#### PROBLEM DETAILS
Repeat everything in the listing exactly, except for the images.

==============================

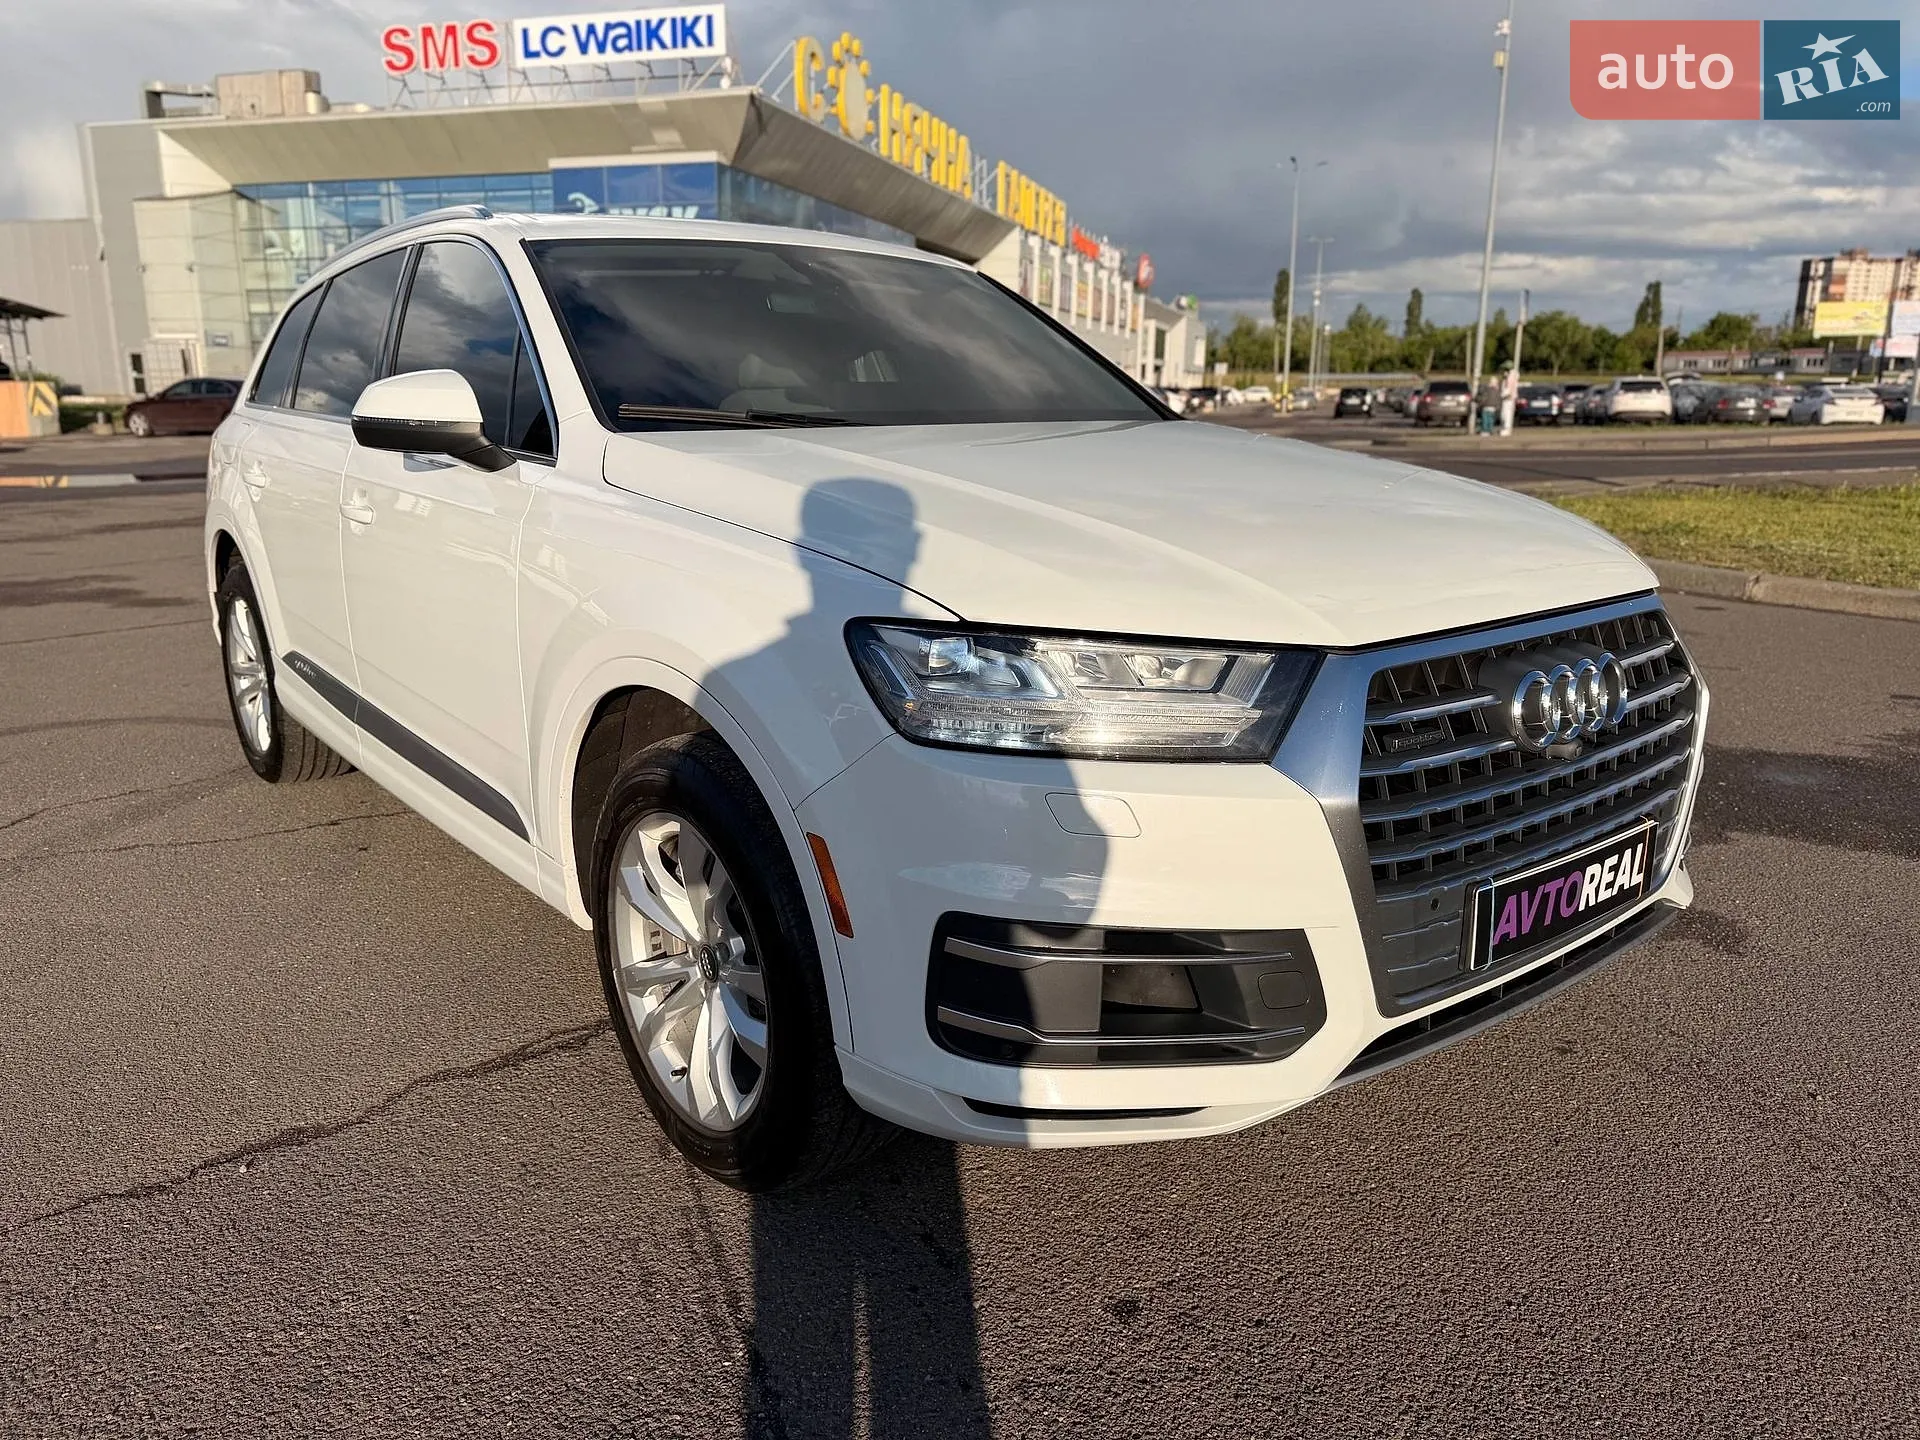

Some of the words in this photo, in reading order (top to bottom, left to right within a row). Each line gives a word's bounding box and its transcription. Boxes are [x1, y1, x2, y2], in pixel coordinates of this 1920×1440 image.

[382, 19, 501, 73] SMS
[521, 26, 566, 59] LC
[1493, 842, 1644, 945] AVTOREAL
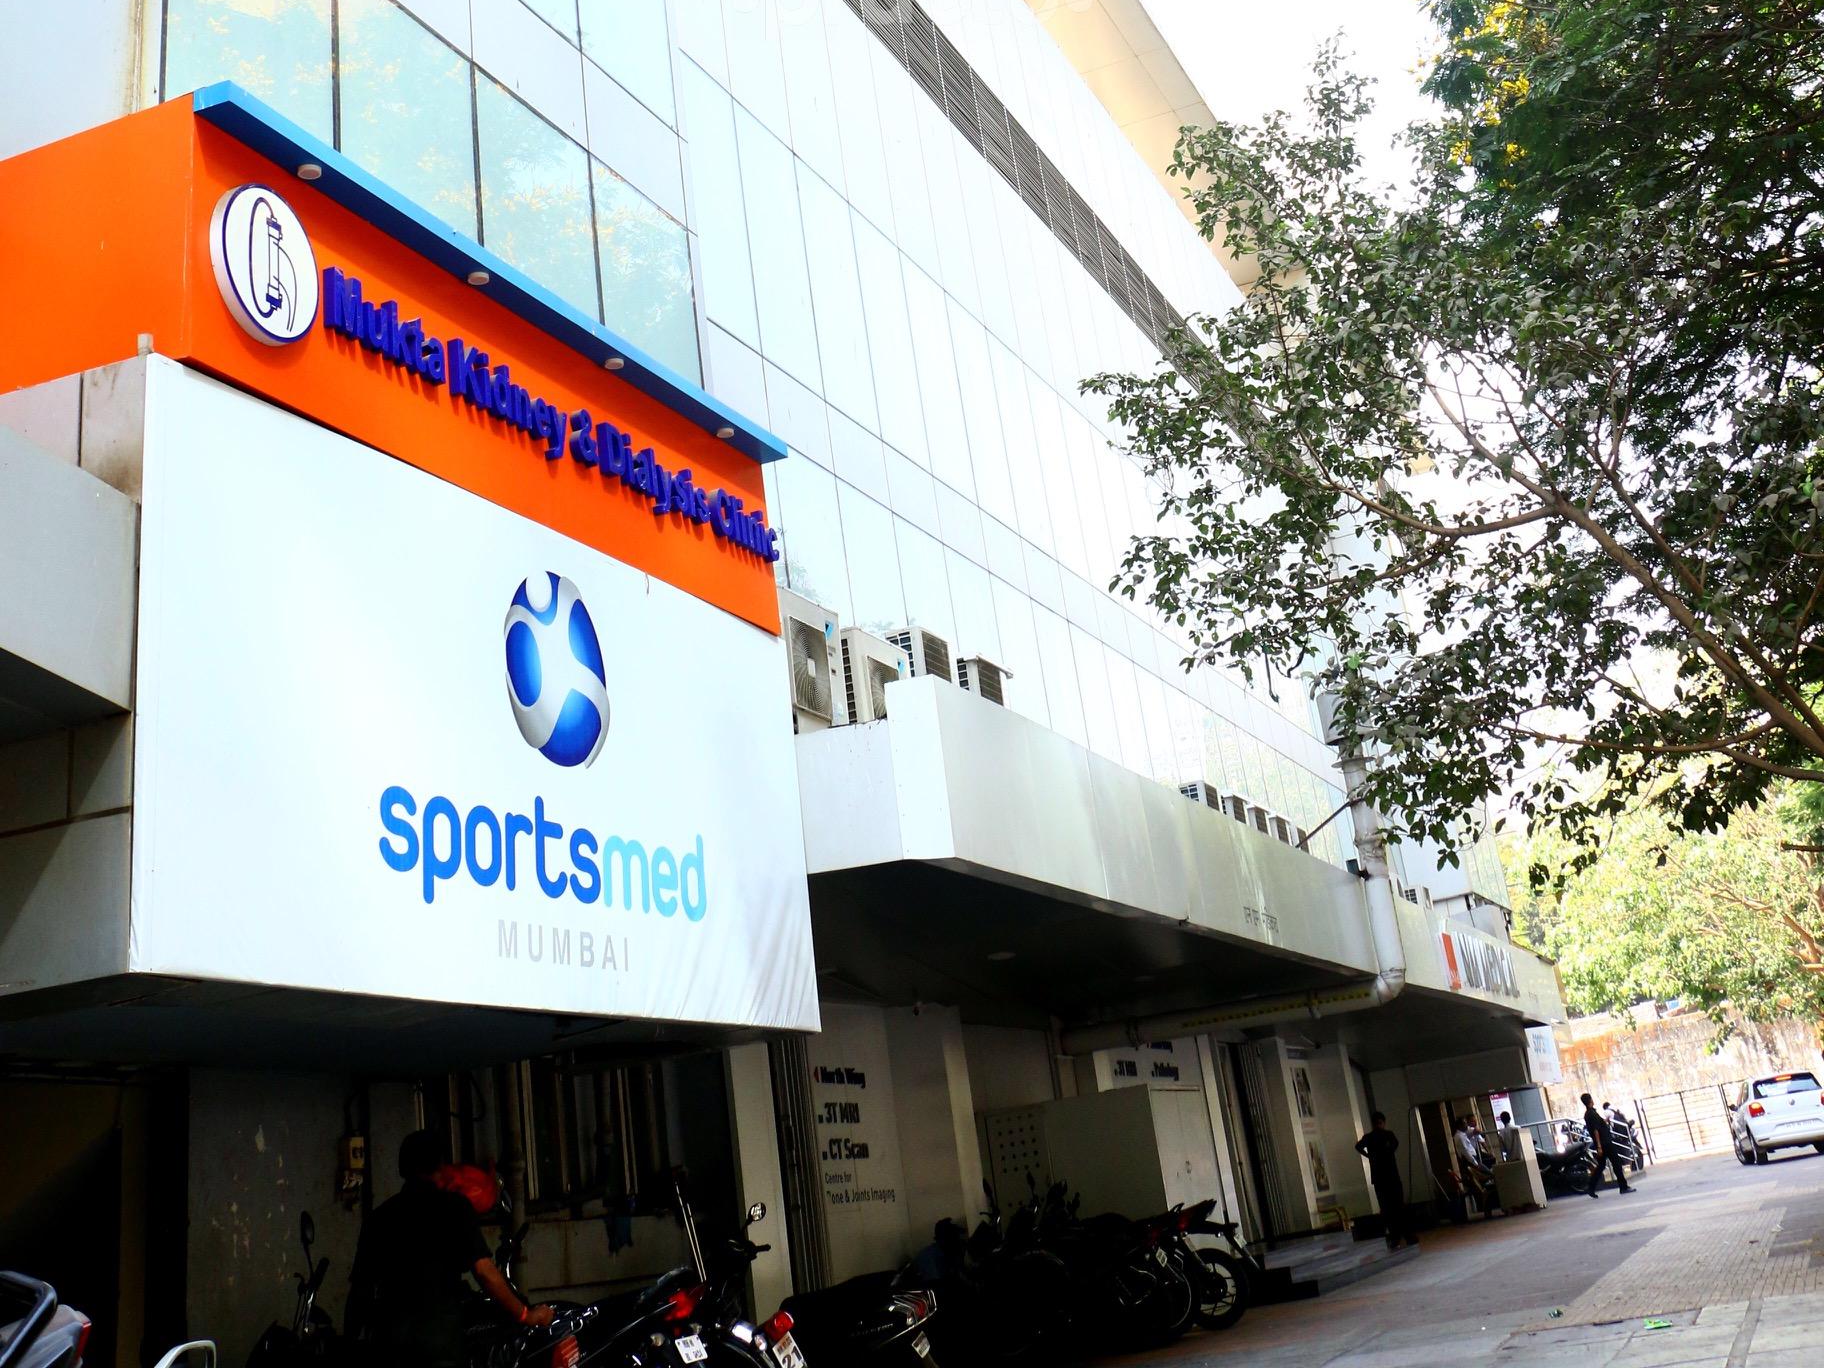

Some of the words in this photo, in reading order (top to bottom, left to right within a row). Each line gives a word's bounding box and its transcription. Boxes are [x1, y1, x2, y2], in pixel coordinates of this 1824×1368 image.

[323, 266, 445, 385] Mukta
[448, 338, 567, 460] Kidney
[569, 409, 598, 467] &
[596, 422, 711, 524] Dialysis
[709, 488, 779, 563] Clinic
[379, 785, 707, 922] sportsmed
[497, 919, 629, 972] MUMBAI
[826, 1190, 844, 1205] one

==============================

#### OUTPUT OF THE EXERCISE
Some of the words in this photo, in reading order (top to bottom, left to right within a row). Each line gives a word's bounding box and its transcription. Boxes are [x1, y1, x2, y2], in pixel coordinates of this 1920×1440 image.

[382, 19, 501, 73] SMS
[521, 26, 566, 59] LC
[1493, 842, 1644, 945] AVTOREAL

Some of the words in this photo, in reading order (top to bottom, left to right within a row). Each line gives a word's bounding box and its transcription. Boxes are [x1, y1, x2, y2], in pixel coordinates of this 1824×1368 image.

[323, 266, 445, 385] Mukta
[448, 338, 567, 460] Kidney
[569, 409, 598, 467] &
[596, 422, 711, 524] Dialysis
[709, 488, 779, 563] Clinic
[379, 785, 707, 922] sportsmed
[497, 919, 629, 972] MUMBAI
[826, 1190, 844, 1205] one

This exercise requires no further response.